According to Ward, "the French entered, but behaved with great civility [and] said it might be their fate ere long to surrender it again so they would set [us] a good example. They however immediately went to work removing some of the logs as they complained the fort was not to their liking, and by break of day next morning 50 men went off with axes to hew logs to enlarge it." Tanacharison "stormed greatly at the
French and told them it was he Order'd that Fort and laid the first Log of it himself, but the French paid no Regard to what he said." The British withdrew, and the French destroyed the partially built fort in order to construct their own.

== Aftermath ==

Captain Trent's men marched to Washington's camp at Wills Creek. They were mostly Indian traders and Trent's employees, but still considered themselves militia and therefore not under Washington's command. Washington ordered them to wait for the Governor's instructions, but the men ignored this and disbanded.

Tanacharison wrote immediately to Washington, stating that he was "ready to fight them as you are yourselves...if you do not come to our aid soon, it is all over with us, and I think that we shall never be able to meet together again." Washington regarded the capture of Trent's Fort as an act of war, and prepared to advance, writing on April 20 to Governor Dinwiddie to request artillery. Counting on Tanacharison to support him with Native American warriors, he prepared to attack French troops in what would become the first battle of the French and Indian War, the Battle of Jumonville Glen.

On May 1, Governor Dinwiddie, unaware that the fort had been captured, wrote to Governor Horatio Sharpe of Maryland that "The Plan of the Fort is not yet Drawn, as the Ground is not fix'd on being left with discretional Power to the Engineer." When Ensign Ward returned from Williamsburg, he brought letters dated May 4, expressing anger with Trent and Fraser to Colonel Joshua Fry: "I am advis’d that Capt. Trent, and his Lieut., Fraser have been long absent from their duty...Which Conduct & Behaviour I require & expect You will enquire into at a Court Martial, & give Sentence accordingly." Lieutenant Fraser was almost court-martialed at Williamsburg for desertion, but he was released after Washington reminded Governor Dinwiddie that Fraser had accepted his lieutenant's commission with reservations.
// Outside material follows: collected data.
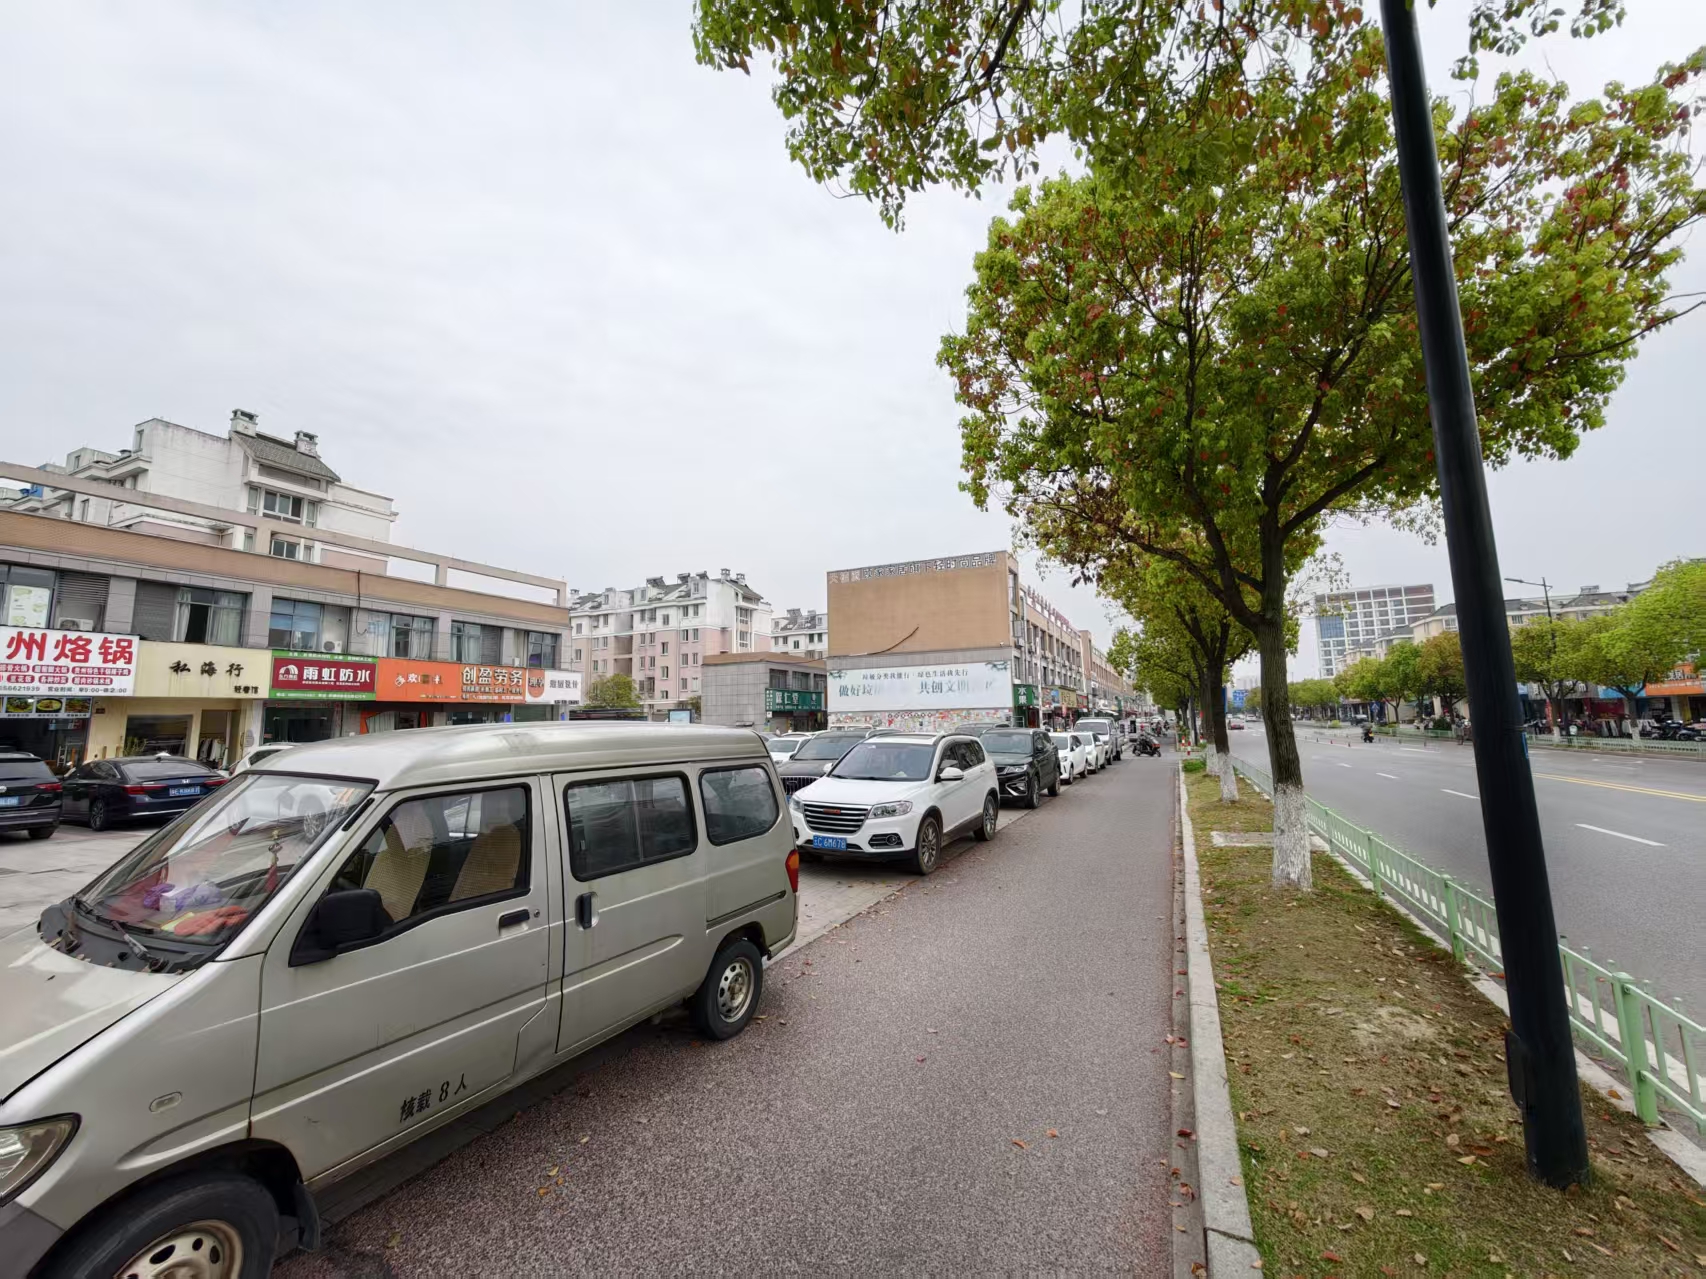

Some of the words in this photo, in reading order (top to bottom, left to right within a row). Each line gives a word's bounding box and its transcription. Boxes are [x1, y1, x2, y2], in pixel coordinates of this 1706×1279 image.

[7, 630, 134, 665] 州烙锅
[303, 666, 371, 683] 雨虹防水
[462, 666, 523, 686] 创盈劳务
[1017, 687, 1028, 705] 水果
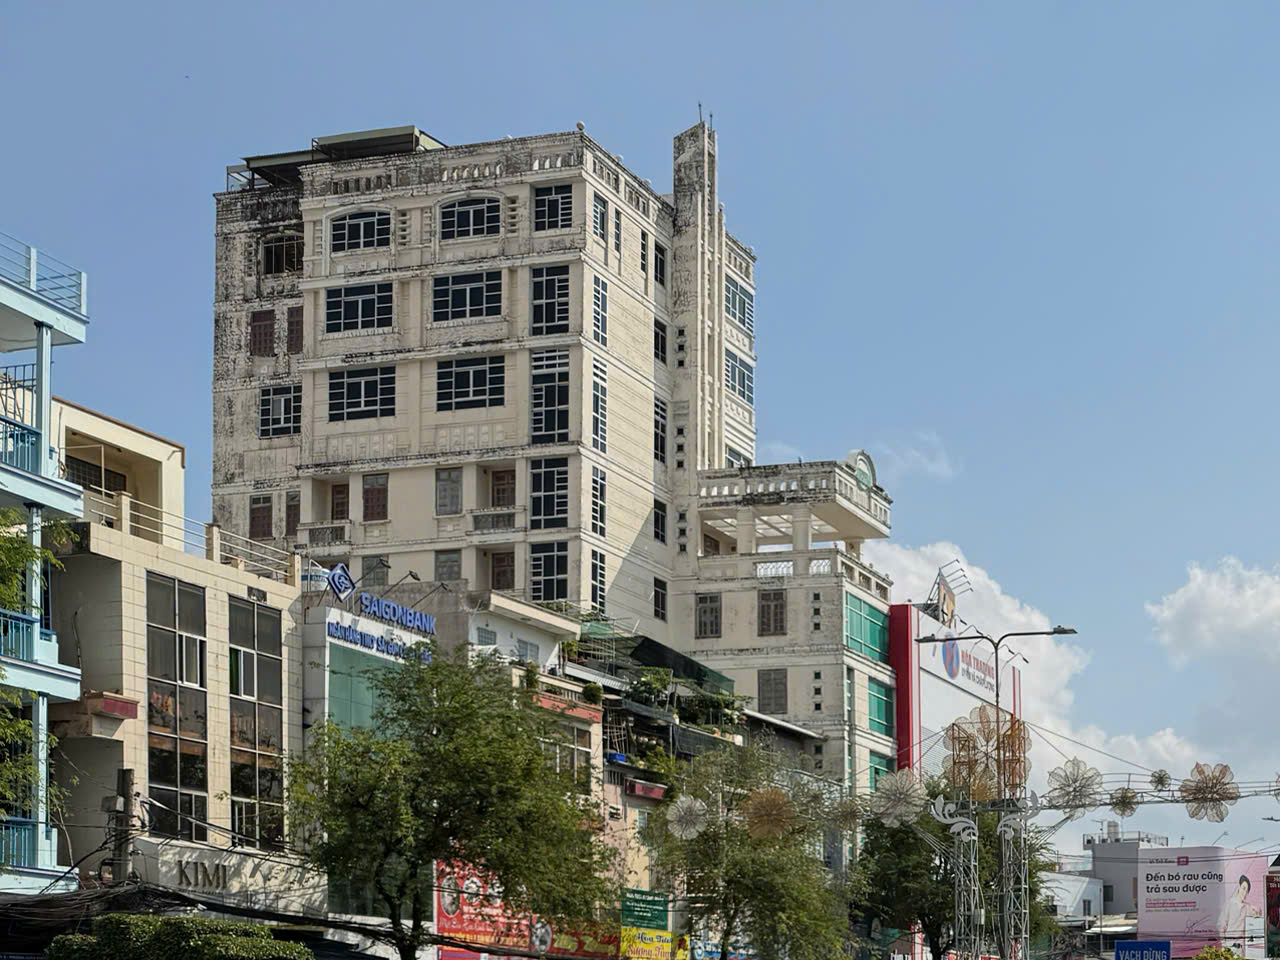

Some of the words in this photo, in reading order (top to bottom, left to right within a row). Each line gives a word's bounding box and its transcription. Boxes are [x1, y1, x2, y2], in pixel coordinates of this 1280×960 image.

[360, 592, 436, 635] SAIGONBANK
[1145, 872, 1166, 882] Đến
[1167, 872, 1181, 881] bó
[1182, 873, 1200, 881] rau
[1201, 871, 1224, 883] cũng
[1146, 884, 1161, 894] trả
[1162, 885, 1181, 894] sau
[1182, 883, 1208, 895] được
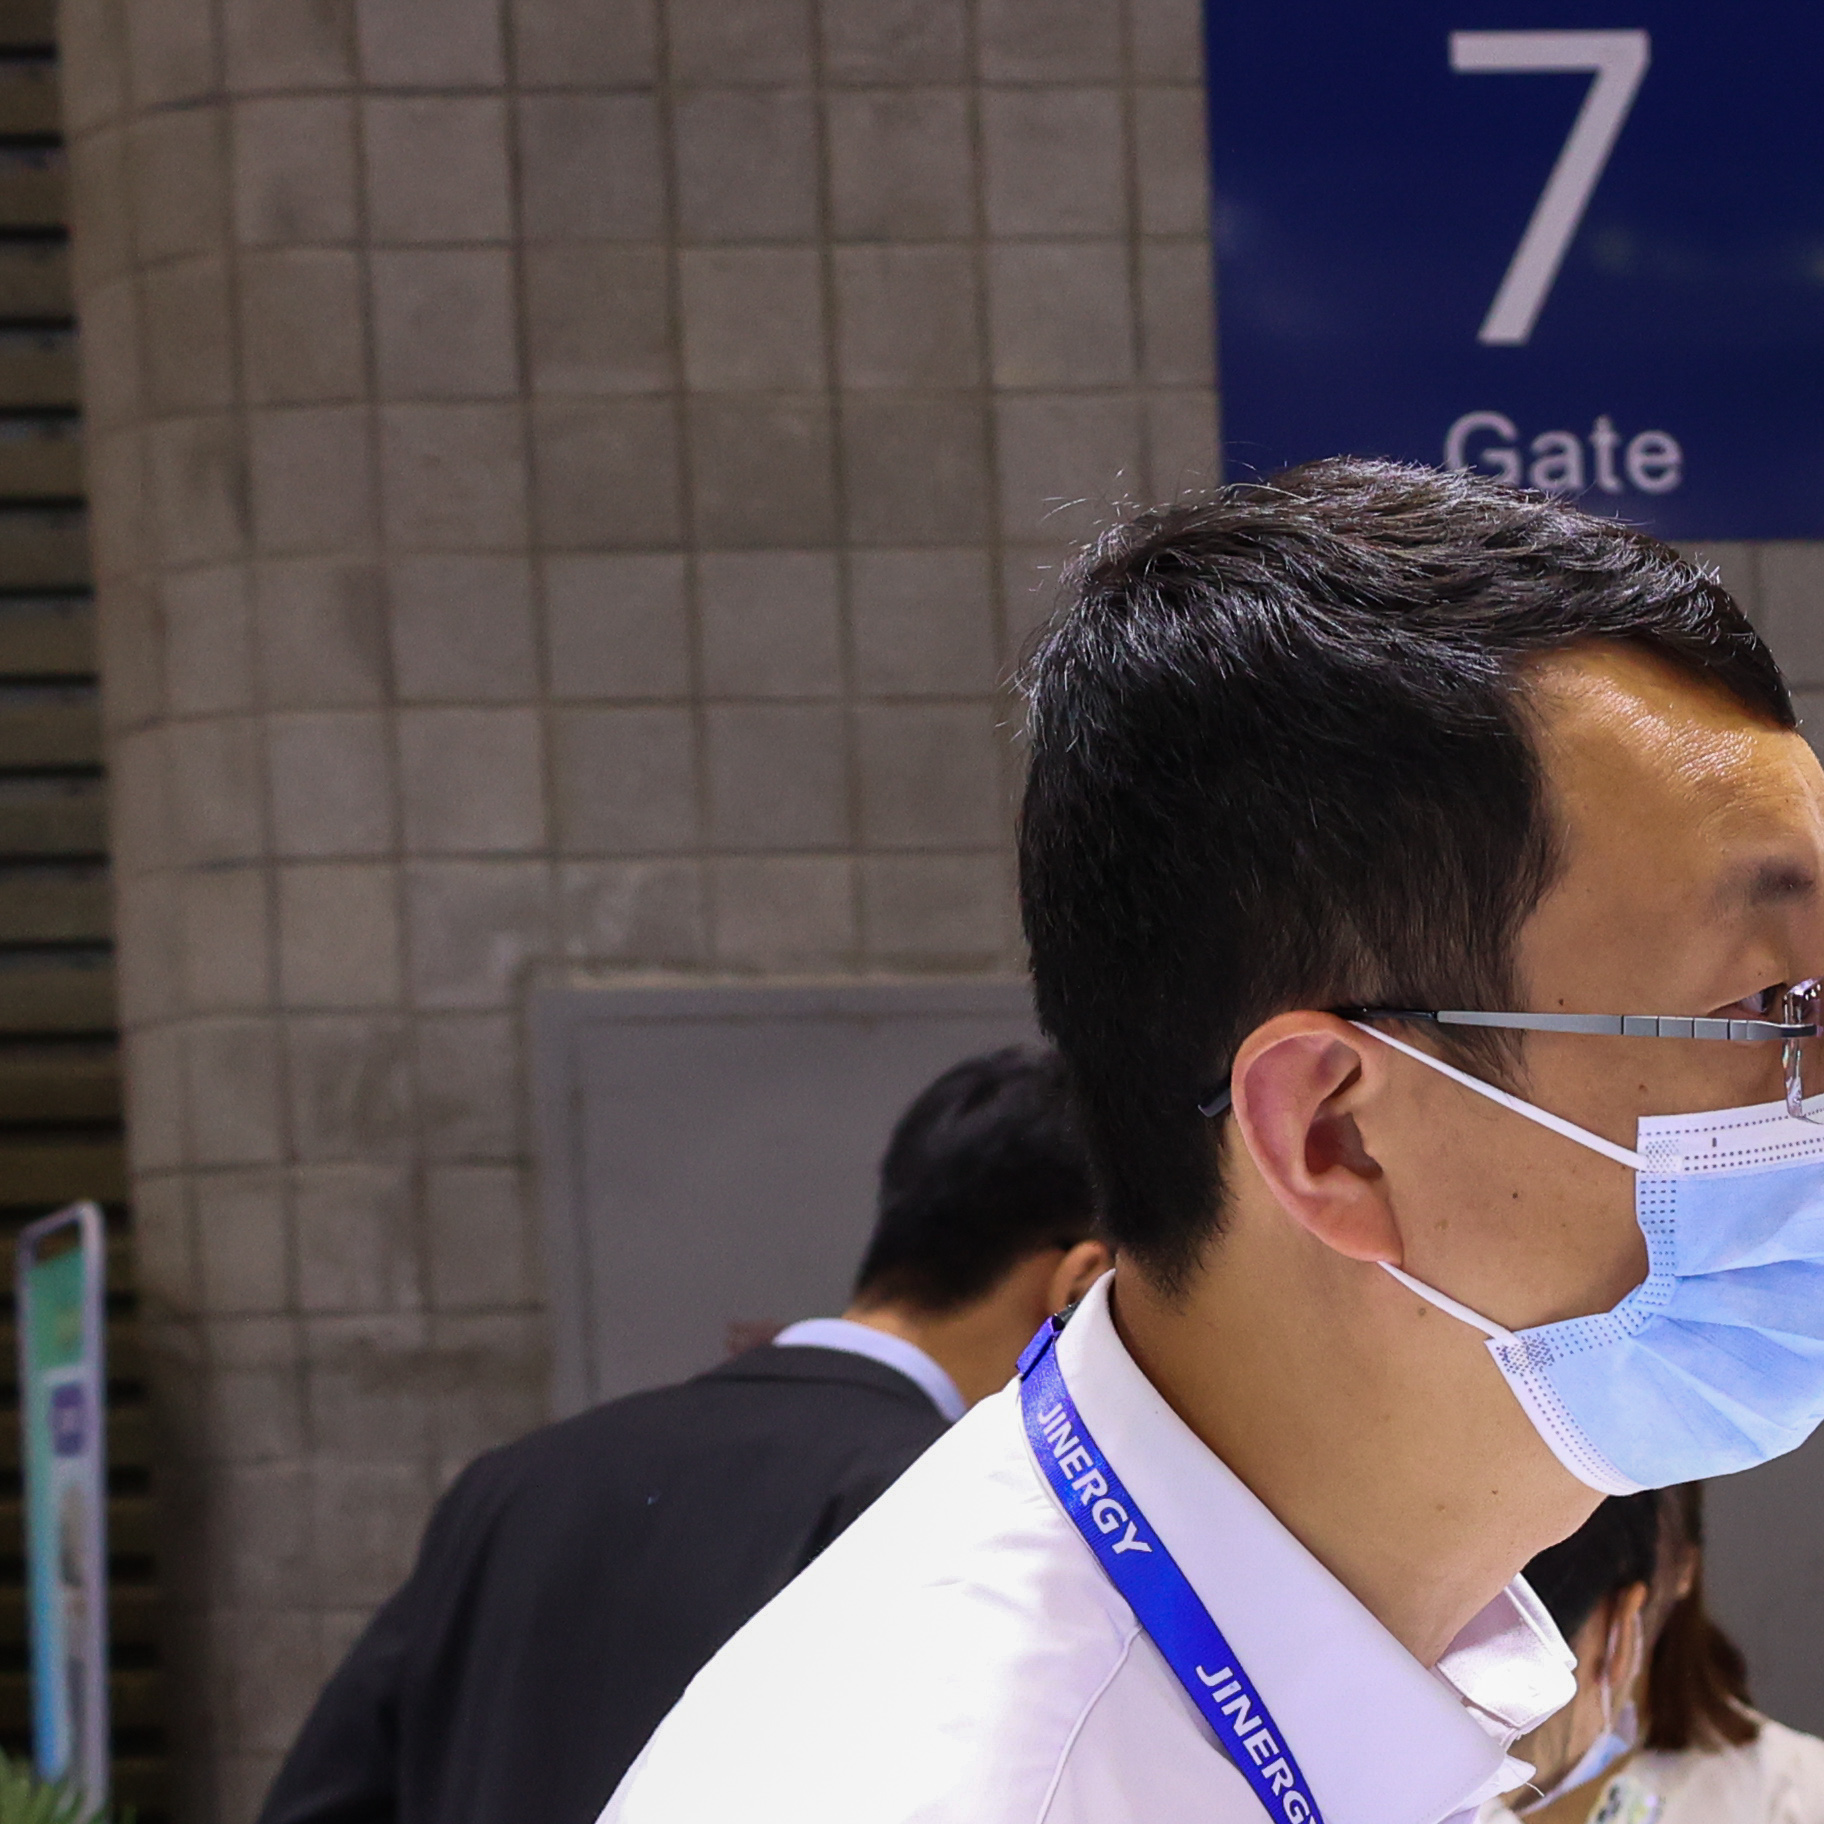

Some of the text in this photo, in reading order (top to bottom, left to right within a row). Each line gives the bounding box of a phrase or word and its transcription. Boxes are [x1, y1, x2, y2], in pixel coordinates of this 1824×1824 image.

[1449, 28, 1652, 345] 7
[1443, 410, 1684, 493] Gate
[1037, 1402, 1152, 1555] JINERGY
He later served as Chief of Scouts in General Edward Braddock's army, Adjutant of Virginia Forces, and Captain of guides in the army of Brigadier-General John Forbes.

The French erected Fort Duquesne after seizing Fort Prince George, and maintained control of traffic on the Ohio River until November, 1758. This had a devastating impact on British trade with Native Americans in the Ohio Country, leading many to side with the French at the beginning of the French and Indian War.

Fort Prince George was the first of five forts to be built to control the strategic "Forks of the Ohio". Following the capture of Fort Duquesne in the 1758 Forbes Expedition, the British built Fort Pitt. Mercer's Fort was a temporary British fort built to defend against a French counterattack while Fort Pitt was being constructed. The final fort in what is now downtown Pittsburgh was an American post called Fort Lafayette, built in 1792 and located farther up the Allegheny River.

== Memorialization ==

A historical marker commemorating Fort Prince George was placed in Point State Park in downtown Pittsburgh on May 8, 1959. A diorama depicting the fort's surrender to the French can be seen at the Fort Pitt Museum in Pittsburgh.